Mimir

Realtime cameras, microphones, chirplets, and field evidence organized into one coherent stream machine.

Benchmark Plan

5 min read

Benchmark Plan

Purpose

This is the measurement spine for future implementation passes. It exists to keep the machine honest: no hot-path change earns production status because it sounds clever. It earns it by moving measured latency, jitter, throughput, allocation, cache pressure, confidence, or reconstruction quality in the right direction.

Global Rules

  • Measure wall-clock throughput and canonical timing error separately.
  • Keep synthetic, artifact, and live-device runs distinct.
  • Always record sample rate, buffer size, device clock, channel mapping, and mode (passive, chirp-only, hybrid).
  • Allocation-free claims require runtime allocation counters, not code vibes.
  • A passing self-test is a unit proof, not a physical proof.
  • A physical proof without artifact retention is only a campfire story.

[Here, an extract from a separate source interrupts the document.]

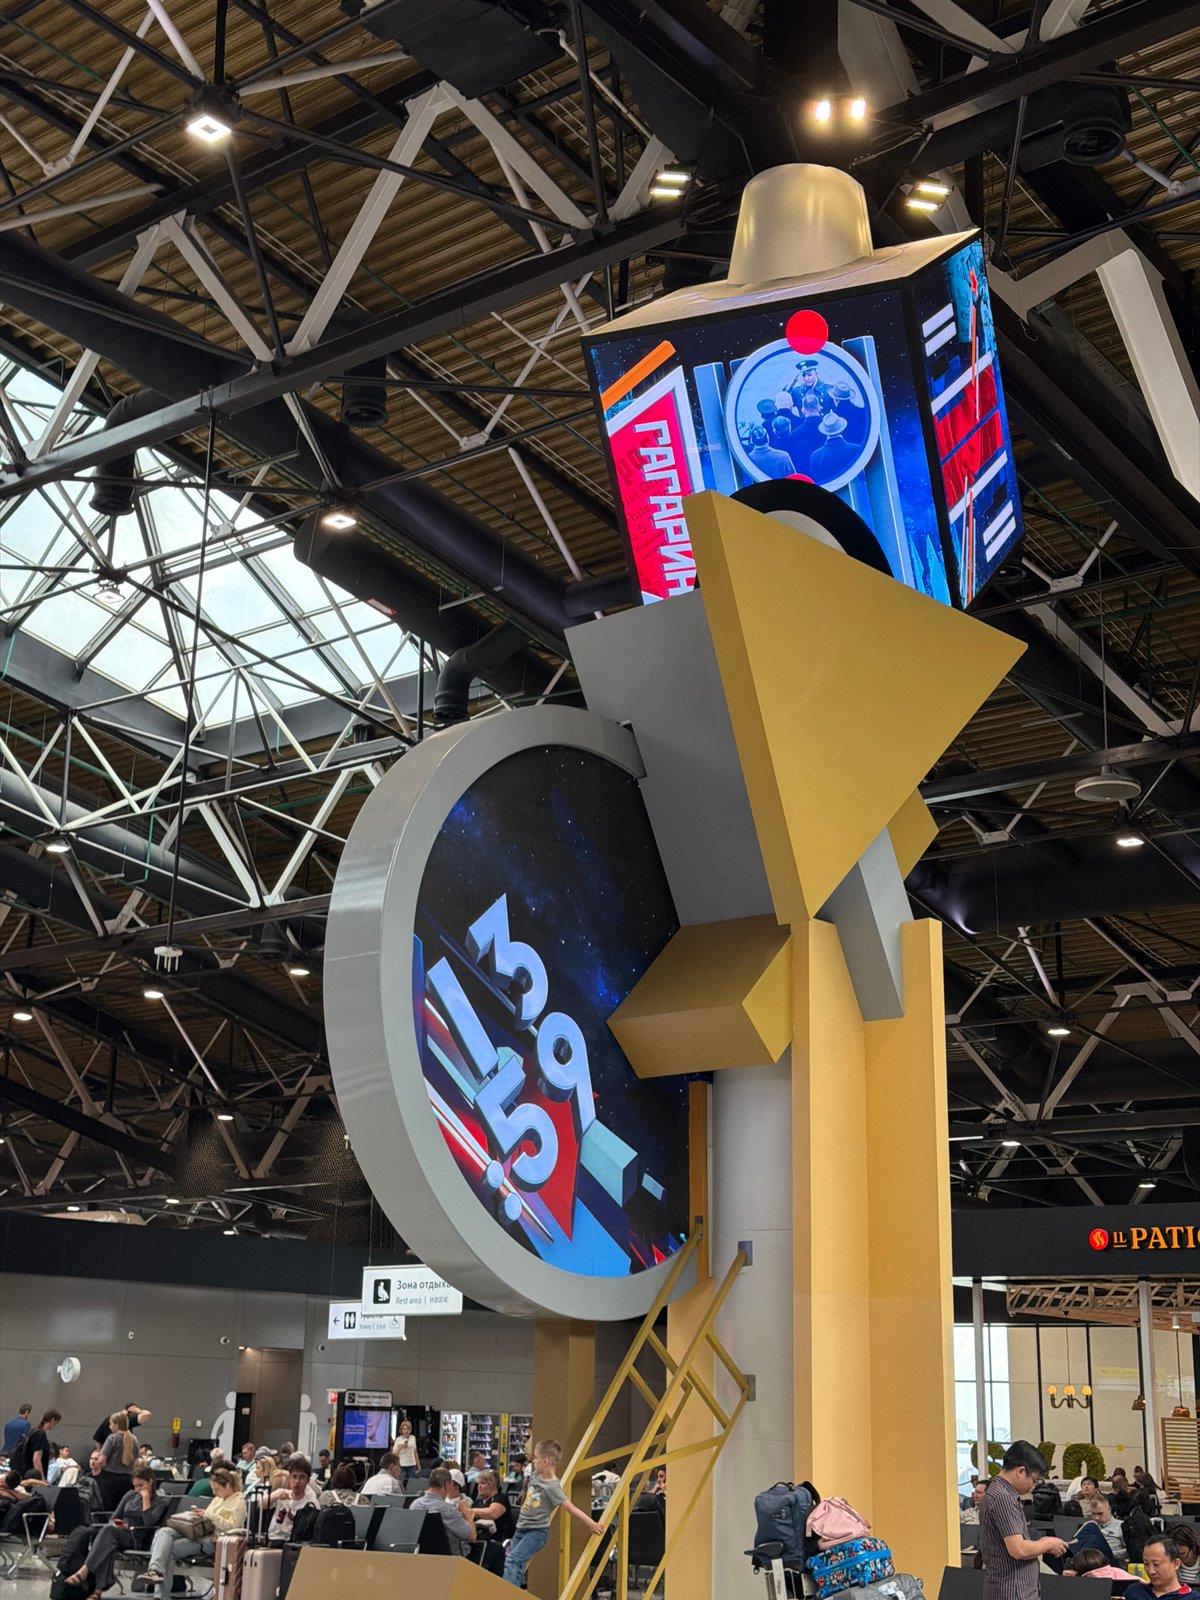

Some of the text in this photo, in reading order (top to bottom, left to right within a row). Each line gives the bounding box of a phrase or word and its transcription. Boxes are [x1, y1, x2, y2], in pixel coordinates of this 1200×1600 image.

Audio Synchronization Benchmarks

Synthetic Chirp-Bin Decoder

Goal: prove canonical-time recovery without acoustic path damage.

Inputs:

  • generated chirp-bin timeline;
  • known integer delay;
  • known fractional delay;
  • optional sample-rate offset;
  • optional colored noise and band dropouts.

Metrics:

  • decoded anchors per second;
  • false anchors per second;
  • delay error in microseconds;
  • fractional sample residual;
  • SRO estimate error in ppm;
  • allocations per second;
  • CPU cycles or elapsed time per decoded second.

Current command family:

dotnet run --project .\src\Mimir.BufferSmoke\Mimir.BufferSmoke.csproj -- --standalone-chirp-bin-self-test --sample-rate 192000 --delay-samples 96000
dotnet run --project .\src\Mimir.BufferSmoke\Mimir.BufferSmoke.csproj -- --chirp-only-sync-self-test --sample-rate 192000
dotnet run --project .\src\Mimir.BufferSmoke\Mimir.BufferSmoke.csproj -- --hybrid-sync-self-test --sample-rate 192000

Missing benchmark:

  • a loop over SNR, reliable-bin count, fractional delay, and SRO;
  • output JSON/CSV artifact;
  • CI-friendly threshold for the synthetic path.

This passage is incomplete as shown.